Aims
A wide range of post‐radiotherapy (RT) vascular lesions can occur, ranging from benign lymphangiomatous papules of the skin (BLAPs), to atypical vascular lesions (AVLs) and post‐RT angiosarcomas (ASs). The relationship between benign and malignant post‐RT breast lesions and their prognostic features are still controversial. The aims of this study were to investigate the relationship between benign and malignant mammary post‐RT vascular lesions and to define post‐RT AS prognostic features.
Methods and results
Seventy‐four post‐RT vascular lesion cases were obtained and stained with antibodies against CD34, CD31, D2‐40, Ki67, and c‐Myc. Mutational analysis was performed by deep sequencing for the following genes: KRAS, NRAS, HRAS, BRAF, PIK3CA, TP53, NOTCH1, PTEN, CDKN2A, EGFR, AKT1, CTNNB1, hTERT, and PTPRB. Post‐RT AS cases were graded according to a previously reported breast AS grading system. AVL cases showed a low number of HRAS and hTERT mutations, whereas post‐RT AS cases showed a high frequency of EGFR, TP53, HRAS and hTERT mutations. On follow‐up, all BLAP and AVL patients were alive with no evidence of disease.
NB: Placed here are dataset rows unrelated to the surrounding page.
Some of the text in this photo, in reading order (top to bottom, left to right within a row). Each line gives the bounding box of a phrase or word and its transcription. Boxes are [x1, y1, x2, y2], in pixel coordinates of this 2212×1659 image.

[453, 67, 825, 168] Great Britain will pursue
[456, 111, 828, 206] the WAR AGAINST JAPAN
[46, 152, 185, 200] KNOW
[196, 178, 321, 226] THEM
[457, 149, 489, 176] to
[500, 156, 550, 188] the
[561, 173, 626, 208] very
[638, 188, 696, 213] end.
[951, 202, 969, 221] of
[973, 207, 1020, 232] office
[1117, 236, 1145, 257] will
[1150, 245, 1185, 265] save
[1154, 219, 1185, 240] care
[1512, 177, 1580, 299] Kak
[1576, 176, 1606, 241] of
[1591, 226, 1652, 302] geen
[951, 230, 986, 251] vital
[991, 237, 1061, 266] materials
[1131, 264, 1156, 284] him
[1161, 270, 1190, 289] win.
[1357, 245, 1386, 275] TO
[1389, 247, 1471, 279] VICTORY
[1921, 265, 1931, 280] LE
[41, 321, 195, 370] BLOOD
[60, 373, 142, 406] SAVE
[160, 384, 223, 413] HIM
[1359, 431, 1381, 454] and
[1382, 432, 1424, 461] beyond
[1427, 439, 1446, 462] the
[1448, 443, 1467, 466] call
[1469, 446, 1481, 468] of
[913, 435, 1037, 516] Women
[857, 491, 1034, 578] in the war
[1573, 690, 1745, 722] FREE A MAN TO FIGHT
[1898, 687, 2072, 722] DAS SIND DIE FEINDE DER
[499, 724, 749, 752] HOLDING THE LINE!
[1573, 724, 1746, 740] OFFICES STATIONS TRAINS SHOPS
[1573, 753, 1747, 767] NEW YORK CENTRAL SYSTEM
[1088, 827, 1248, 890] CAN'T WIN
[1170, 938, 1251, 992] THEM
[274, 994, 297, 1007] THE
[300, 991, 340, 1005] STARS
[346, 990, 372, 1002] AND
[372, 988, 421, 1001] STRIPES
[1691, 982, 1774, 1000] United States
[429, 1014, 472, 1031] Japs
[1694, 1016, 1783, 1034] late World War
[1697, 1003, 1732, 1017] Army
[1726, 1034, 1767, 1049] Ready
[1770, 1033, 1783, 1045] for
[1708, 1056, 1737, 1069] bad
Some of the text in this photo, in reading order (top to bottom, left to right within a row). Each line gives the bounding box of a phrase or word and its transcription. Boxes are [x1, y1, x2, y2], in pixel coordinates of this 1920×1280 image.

Post‐RT AS 5‐year overall survival declined with the increase in grade, as follows: 85.7% for grade 1, 83.3% for grade 2, and 40.4% for grade 3.
Conclusions
Our findings confirm that BLAP and AVL have a good prognosis, and that post‐RT AS prognosis is strongly related to histological grading. On molecular analysis, AVL and post‐RT AS shared HRAS and hTERT mutations, suggesting a relationship between the two lesions.